Referring to FIG. 3, the upper surface 100 of the sleeve 36 is an inclined annular surface and has a surface normal that points in an upper direction and away from the longitudinal axis 60. The upper surface 100 contacts a complementary inclined surface 83 of a punch 27 of the punch assembly 26. An upper surface 81 of the punch 27 contacts the complementary inclined annular lower surface 80 of the sleeve 34. Due to this arrangement, when the packer 16 is set, the upward movement of the mandrel 40 compresses the distance between the lower surface 80 of the sleeve 34 and the upper surface 100 of the sleeve 36. As a result, the punch 27 is forced in a radially outward direction into the interior sidewall of the well casing 14 so that a point 82 of the punch 27 pierces the well casing 14, as depicted in FIG. 5.

The sleeve 34 circumscribes the inner housing 90 and the longitudinal axis 60, as depicted in FIG. 3. An annular notch 79 is formed in the sleeve 34 for receiving a lower extension 35 of the sleeve 32. The upper surface 78 of the sleeve 34 is an inclined annular surface and has a surface normal that points in an upper direction and toward the longitudinal axis 60. The upper surface 78 contacts a complementary inclined annular surface 77 of the upper sealing element 22. An upper surface 33 of the upper sealing element 22, in turn, is an inclined annular surface and has a surface normal that points in an upper direction and toward the longitudinal axis 60. The upper surface 33 contacts the complementary inclined annular lower surface 31 of the sleeve 32. Due to the lower extension 35 of the sleeve 32 and the surfaces 31 and 78, when the packer 16 is set, the distance between the surfaces 31 and 78 decreases to force the upper sealing element 22 to expand toward the interior sidewall well casing 14, as depicted in FIG. 5.

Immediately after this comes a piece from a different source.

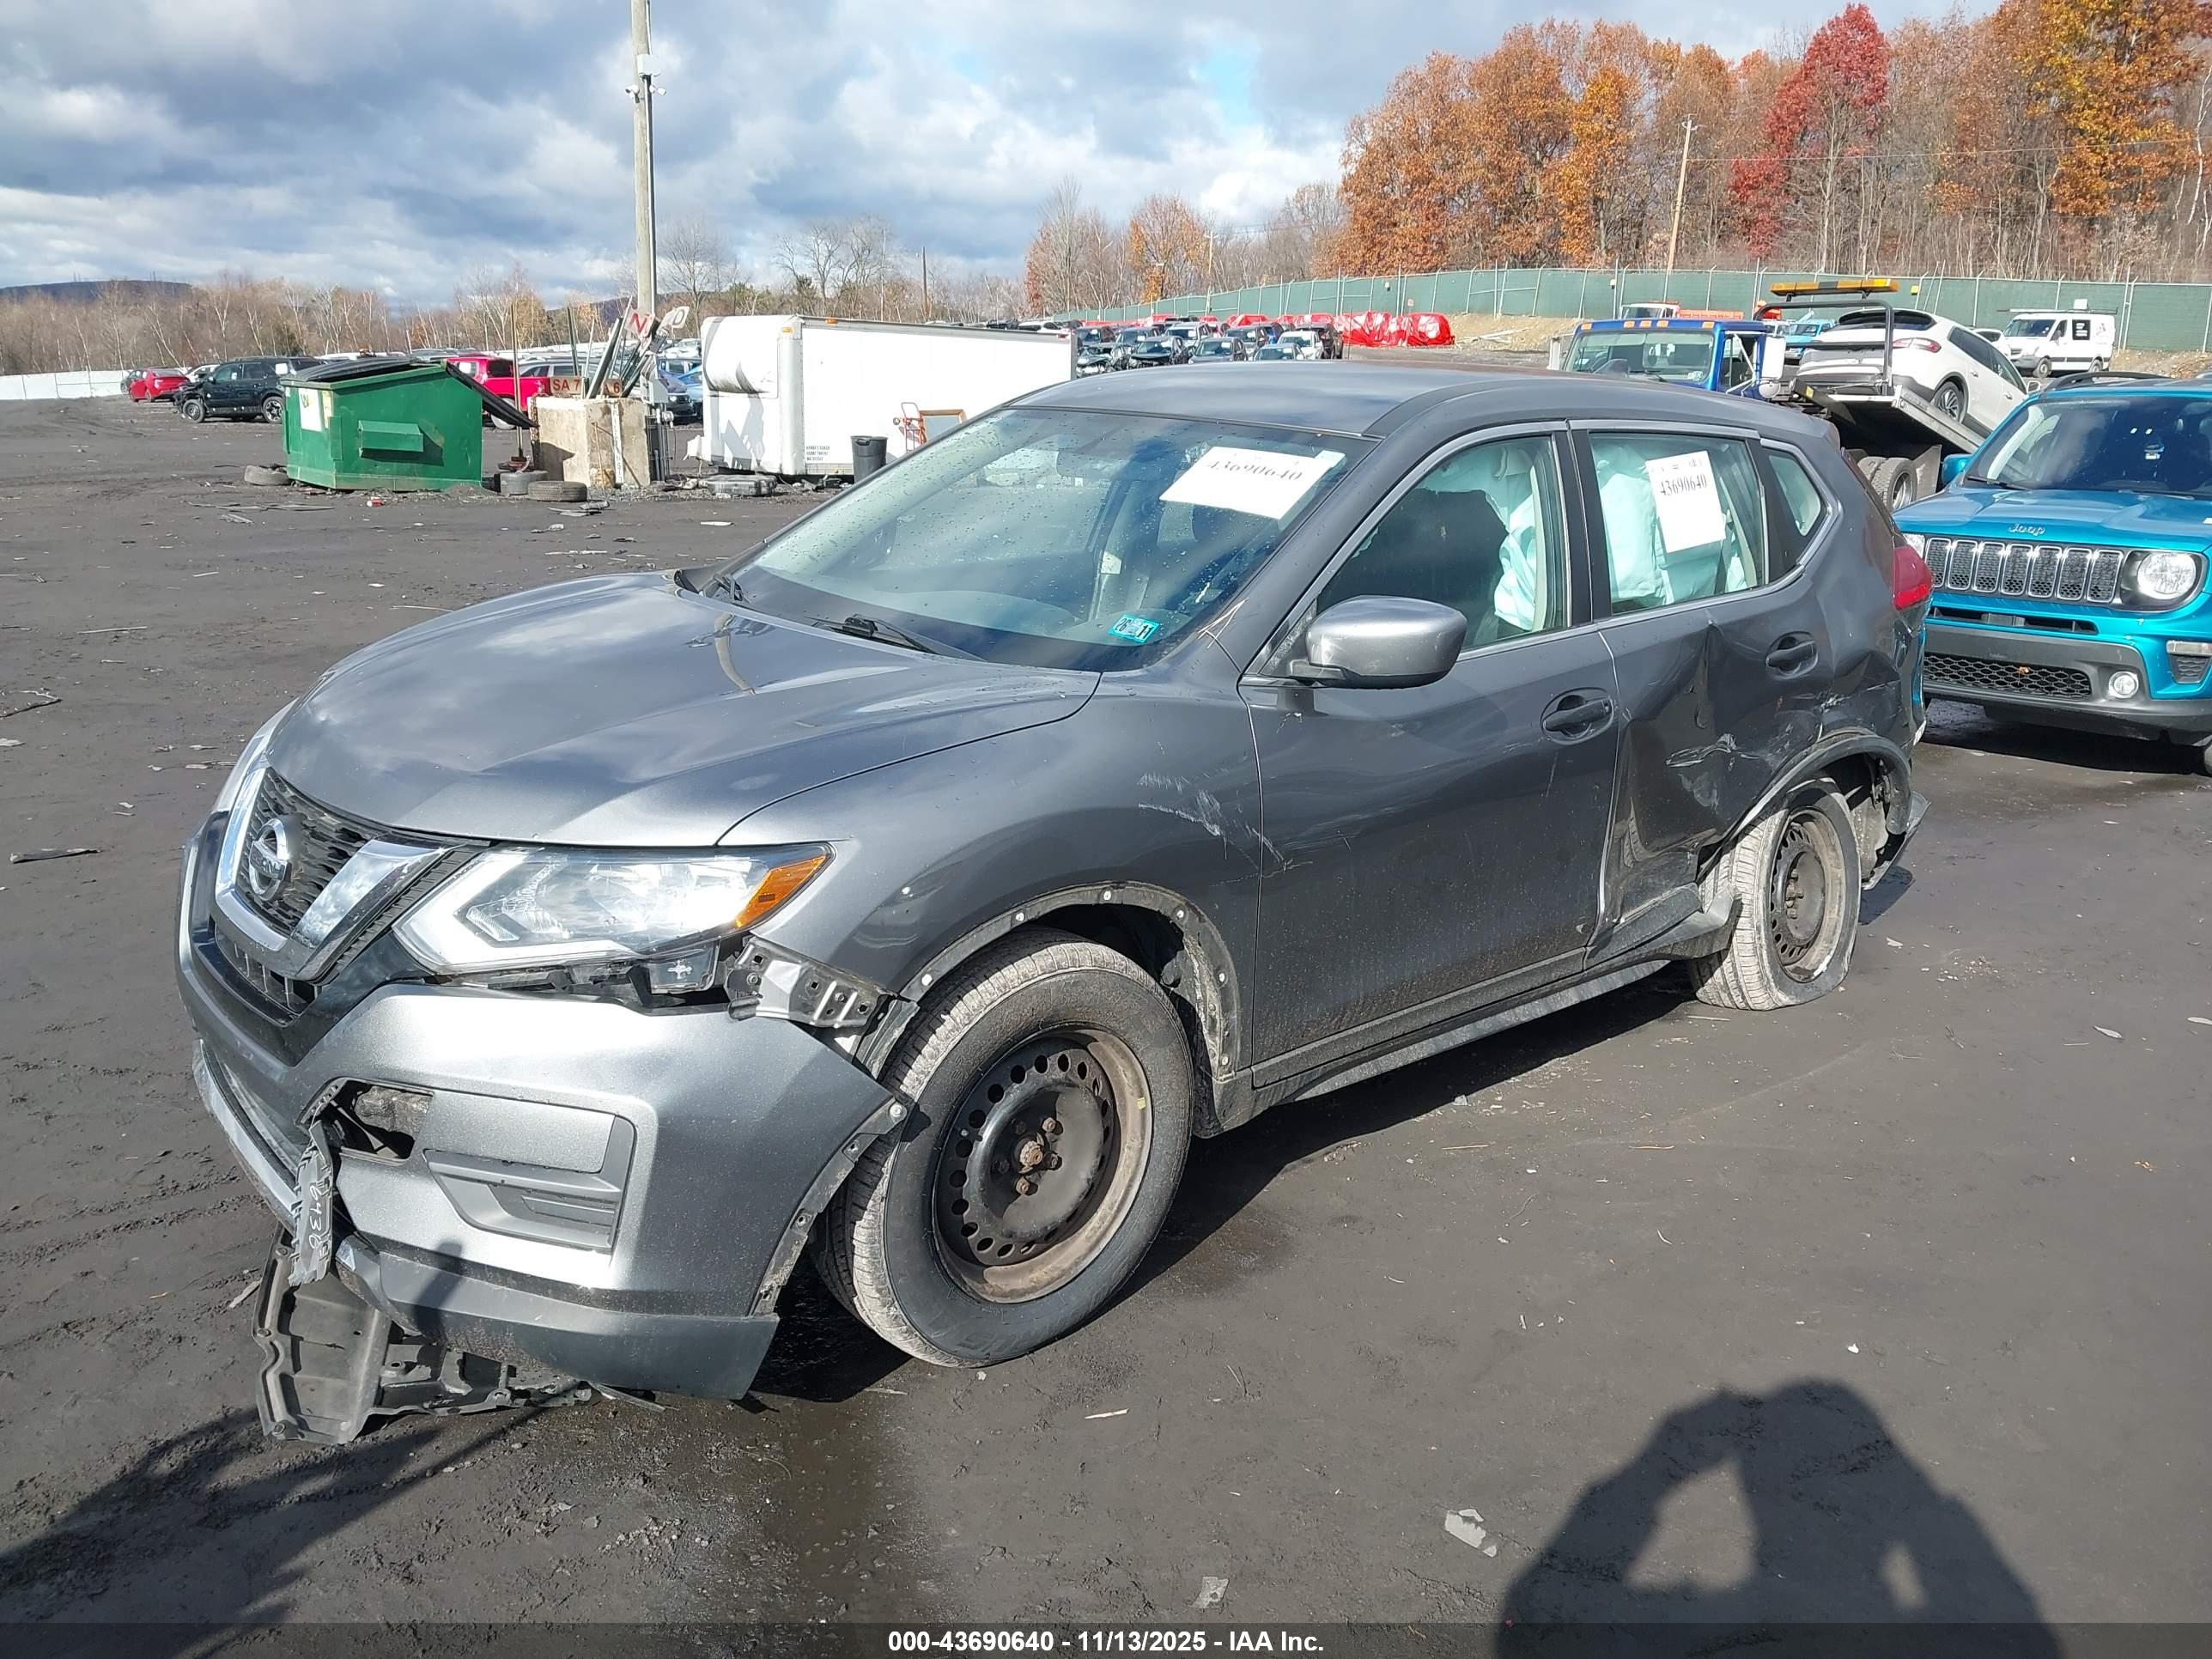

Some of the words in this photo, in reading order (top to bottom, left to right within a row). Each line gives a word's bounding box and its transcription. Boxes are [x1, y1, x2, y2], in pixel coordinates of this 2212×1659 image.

As shown in FIG. 3, the sleeve 32 circumscribes the inner housing 90 and the longitudinal axis 60. The sleeve 32 includes the upper surface 74, a surface that is an inclined annular surface and has a surface normal that points in an upper direction and away from the longitudinal axis 60. The upper surface 74 of the sleeve 32 contacts corresponding complementary inclined surfaces 71 of the upper slips 18. Upper surfaces 73 of the upper slips 18 are inclined and have surface normals that each point in an upper direction and away from the longitudinal axis 60. The upper surfaces 73 contact the complementary annular inclined lower surface 72 of the stationary sleeve 30, a sleeve that, for example, has a threaded connection 96 with the inner housing 90 to prevent the sleeve 30 from moving relative to the other sleeves. Due to this arrangement, when the sleeve 32 moves in an upward direction when the packer 16 is set, the upper slips 18 are pushed outwardly into the interior sidewall well casing 14 so that teeth 70 of the upper slips 18 are thrust against the interior sidewall of the well casing 14, as depicted in FIG. 5.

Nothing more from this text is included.